(Free-text object descriptions)
------------------------------------------------

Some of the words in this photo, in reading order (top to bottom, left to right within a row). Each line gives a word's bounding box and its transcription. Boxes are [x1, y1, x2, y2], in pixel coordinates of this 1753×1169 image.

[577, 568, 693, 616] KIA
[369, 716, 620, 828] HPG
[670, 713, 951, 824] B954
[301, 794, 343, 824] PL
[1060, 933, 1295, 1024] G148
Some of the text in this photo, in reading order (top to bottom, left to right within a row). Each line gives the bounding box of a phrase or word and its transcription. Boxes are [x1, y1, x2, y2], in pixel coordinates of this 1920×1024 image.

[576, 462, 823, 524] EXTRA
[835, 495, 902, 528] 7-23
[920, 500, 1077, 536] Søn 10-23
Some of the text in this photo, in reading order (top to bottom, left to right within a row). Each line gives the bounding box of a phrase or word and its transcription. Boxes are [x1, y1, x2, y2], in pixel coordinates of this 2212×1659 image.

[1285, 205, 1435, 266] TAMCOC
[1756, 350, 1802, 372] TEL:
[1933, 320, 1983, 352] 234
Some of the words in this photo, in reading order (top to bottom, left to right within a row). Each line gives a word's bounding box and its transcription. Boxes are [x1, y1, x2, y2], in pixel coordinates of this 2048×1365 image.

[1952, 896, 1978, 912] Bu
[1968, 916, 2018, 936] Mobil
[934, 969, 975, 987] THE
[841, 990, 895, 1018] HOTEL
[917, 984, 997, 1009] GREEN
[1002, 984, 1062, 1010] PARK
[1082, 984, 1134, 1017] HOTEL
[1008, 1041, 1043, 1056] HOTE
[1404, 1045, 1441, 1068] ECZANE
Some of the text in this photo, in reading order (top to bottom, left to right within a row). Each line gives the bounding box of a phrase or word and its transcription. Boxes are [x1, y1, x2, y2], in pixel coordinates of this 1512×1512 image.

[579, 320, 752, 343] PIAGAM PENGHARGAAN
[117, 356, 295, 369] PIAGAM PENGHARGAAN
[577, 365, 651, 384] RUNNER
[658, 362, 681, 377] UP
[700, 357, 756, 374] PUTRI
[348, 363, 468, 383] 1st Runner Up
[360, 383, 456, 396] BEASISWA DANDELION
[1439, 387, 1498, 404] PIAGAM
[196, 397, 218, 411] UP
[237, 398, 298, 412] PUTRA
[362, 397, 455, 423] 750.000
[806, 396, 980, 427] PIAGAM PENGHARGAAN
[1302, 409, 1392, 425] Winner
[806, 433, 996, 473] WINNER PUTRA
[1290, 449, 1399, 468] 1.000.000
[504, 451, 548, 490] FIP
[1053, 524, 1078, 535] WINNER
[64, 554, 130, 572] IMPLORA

------------------------------------------------

** TASK GOAL **
Write out every record above, word for word.

** YOUR RESPONSE **
Some of the words in this photo, in reading order (top to bottom, left to right within a row). Each line gives a word's bounding box and its transcription. Boxes are [x1, y1, x2, y2], in pixel coordinates of this 1753×1169 image.

[577, 568, 693, 616] KIA
[369, 716, 620, 828] HPG
[670, 713, 951, 824] B954
[301, 794, 343, 824] PL
[1060, 933, 1295, 1024] G148
Some of the text in this photo, in reading order (top to bottom, left to right within a row). Each line gives the bounding box of a phrase or word and its transcription. Boxes are [x1, y1, x2, y2], in pixel coordinates of this 1920×1024 image.

[576, 462, 823, 524] EXTRA
[835, 495, 902, 528] 7-23
[920, 500, 1077, 536] Søn 10-23
Some of the text in this photo, in reading order (top to bottom, left to right within a row). Each line gives the bounding box of a phrase or word and its transcription. Boxes are [x1, y1, x2, y2], in pixel coordinates of this 2212×1659 image.

[1285, 205, 1435, 266] TAMCOC
[1756, 350, 1802, 372] TEL:
[1933, 320, 1983, 352] 234
Some of the words in this photo, in reading order (top to bottom, left to right within a row). Each line gives a word's bounding box and its transcription. Boxes are [x1, y1, x2, y2], in pixel coordinates of this 2048×1365 image.

[1952, 896, 1978, 912] Bu
[1968, 916, 2018, 936] Mobil
[934, 969, 975, 987] THE
[841, 990, 895, 1018] HOTEL
[917, 984, 997, 1009] GREEN
[1002, 984, 1062, 1010] PARK
[1082, 984, 1134, 1017] HOTEL
[1008, 1041, 1043, 1056] HOTE
[1404, 1045, 1441, 1068] ECZANE
Some of the text in this photo, in reading order (top to bottom, left to right within a row). Each line gives the bounding box of a phrase or word and its transcription. Boxes are [x1, y1, x2, y2], in pixel coordinates of this 1512×1512 image.

[579, 320, 752, 343] PIAGAM PENGHARGAAN
[117, 356, 295, 369] PIAGAM PENGHARGAAN
[577, 365, 651, 384] RUNNER
[658, 362, 681, 377] UP
[700, 357, 756, 374] PUTRI
[348, 363, 468, 383] 1st Runner Up
[360, 383, 456, 396] BEASISWA DANDELION
[1439, 387, 1498, 404] PIAGAM
[196, 397, 218, 411] UP
[237, 398, 298, 412] PUTRA
[362, 397, 455, 423] 750.000
[806, 396, 980, 427] PIAGAM PENGHARGAAN
[1302, 409, 1392, 425] Winner
[806, 433, 996, 473] WINNER PUTRA
[1290, 449, 1399, 468] 1.000.000
[504, 451, 548, 490] FIP
[1053, 524, 1078, 535] WINNER
[64, 554, 130, 572] IMPLORA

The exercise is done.